Aberrant transcript usage induces homologous recombination deficiency and predicts therapeutic responses

BRCA1/2 mutations account for only a small fraction of homologous recombination (HR) deficiency (HRD) cases. Recently developed genomic HRD (gHRD) tests suffer confounding factors causing low precision in predicting samples that will respond to poly (ADP-ribose) polymerase (PARP) inhibitors and DNA damaging agents. Here, we present molecular evidence and clinical utility of transcriptional HRD (tHRD) that is based on aberrant transcript usage (TU) of minor isoforms. Specifically, increased TU of non-functional isoforms of DNA repair genes was prevalent in breast and ovarian cancer with gHRD. Our functional assays validated its association with impaired HR activity.
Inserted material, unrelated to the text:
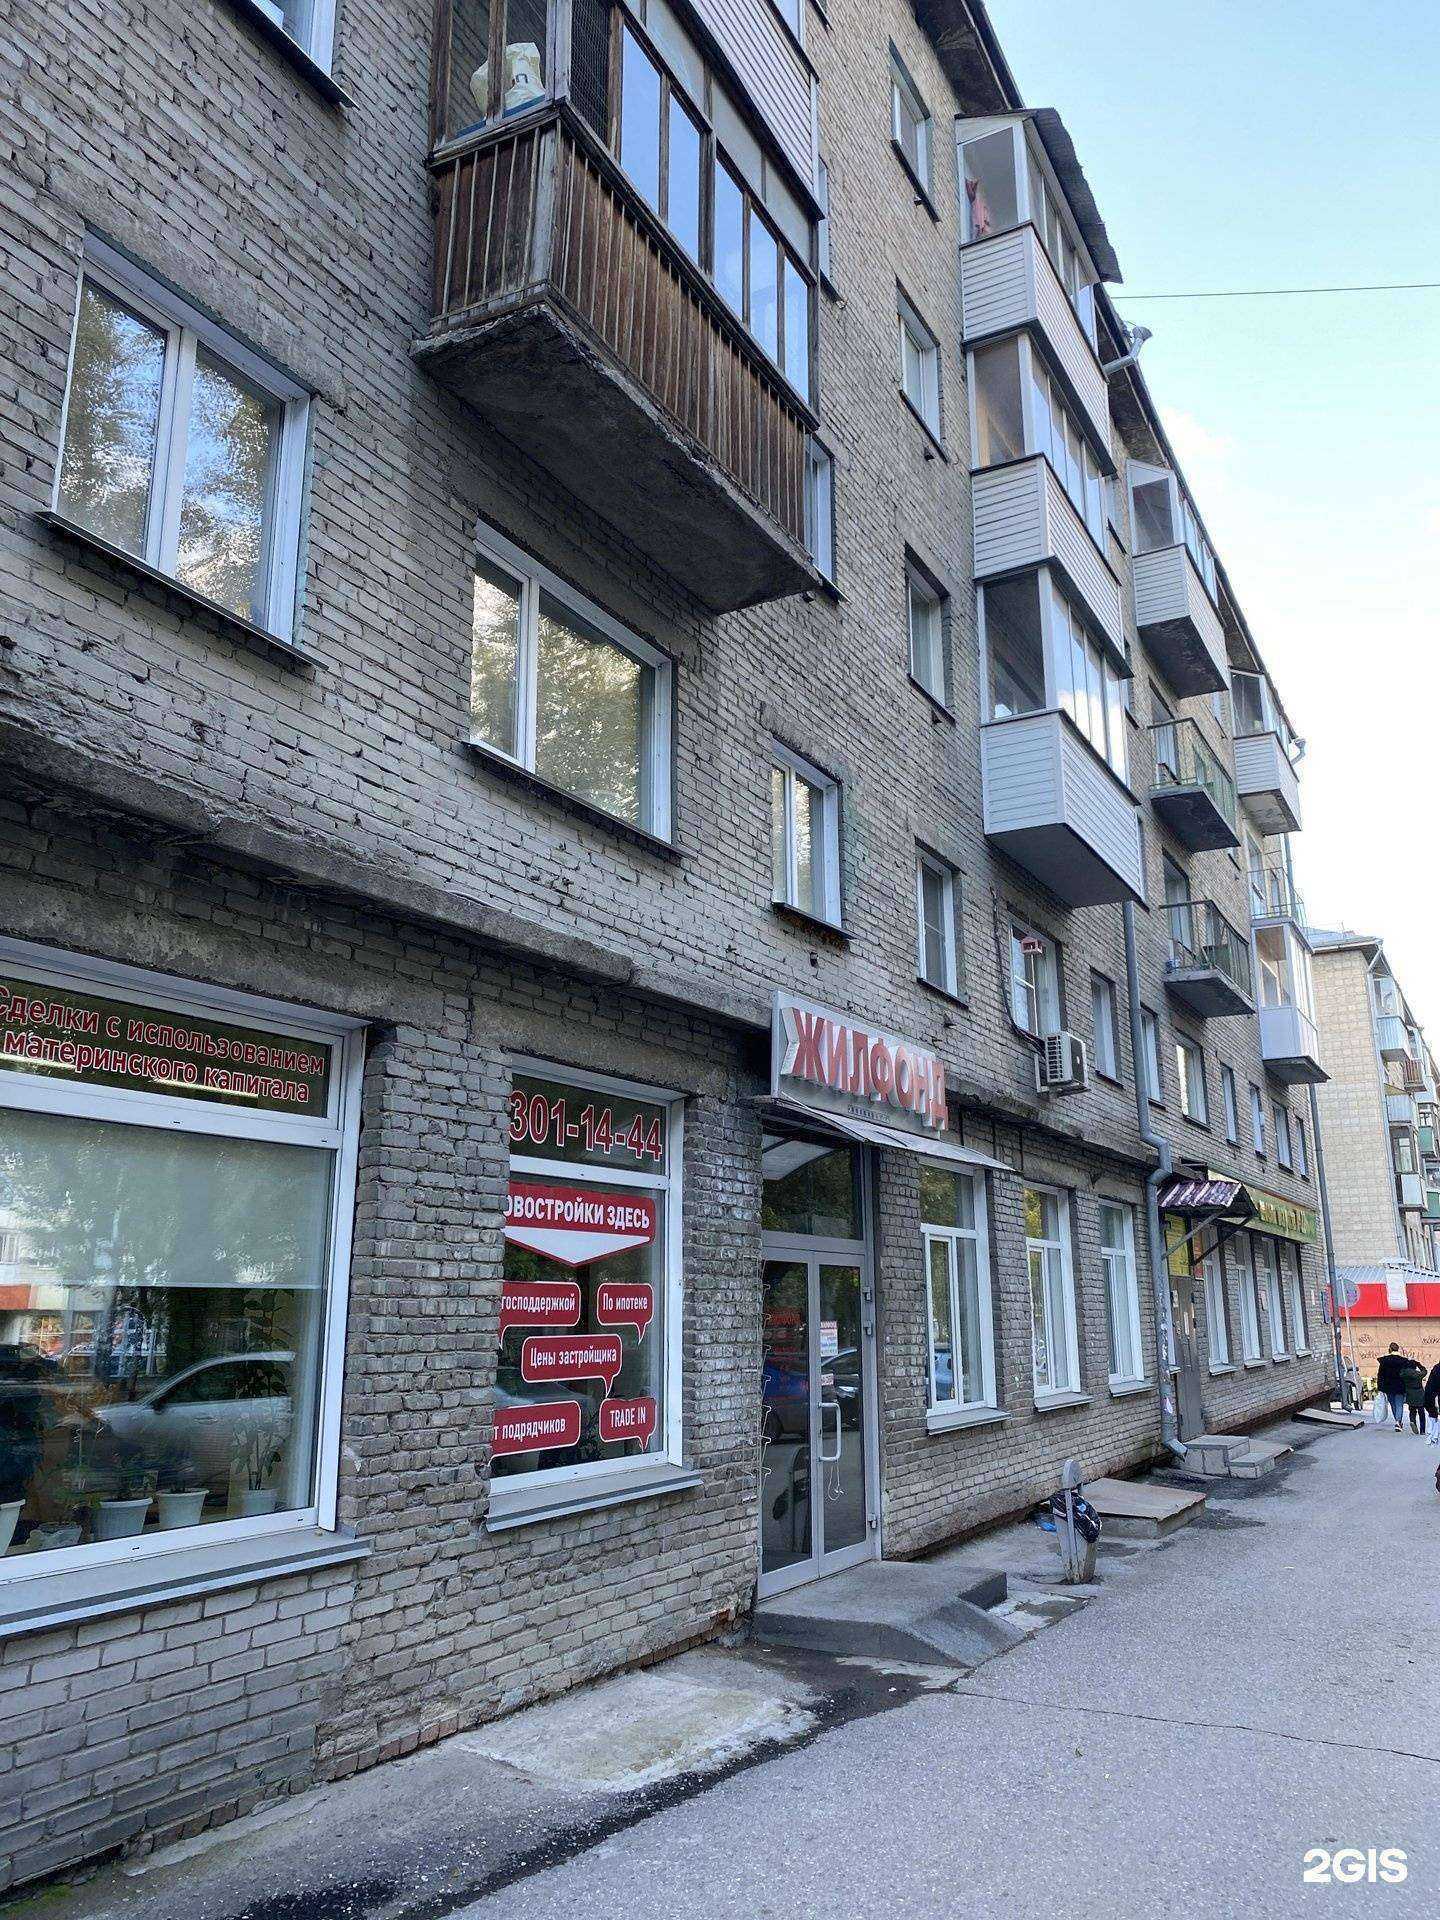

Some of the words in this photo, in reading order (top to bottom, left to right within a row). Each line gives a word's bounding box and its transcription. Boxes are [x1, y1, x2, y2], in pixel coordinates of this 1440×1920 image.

Remarkably, tHRD detection based on the TU pattern of key genes was superior to gHRD or BRCA1/2 screening in accuracy for predicting the responses of cell lines and cancer patients to PARP inhibitors and genotoxic drugs. In particular, this approach demonstrated the capability to reflect functional HR status, particularly when applied to our cohort of olaparib users with acquired platinum resistance in ovarian cancer. Hence, the tHRD-based diagnostic tests are expected to broaden the clinical utility of PARP inhibitors.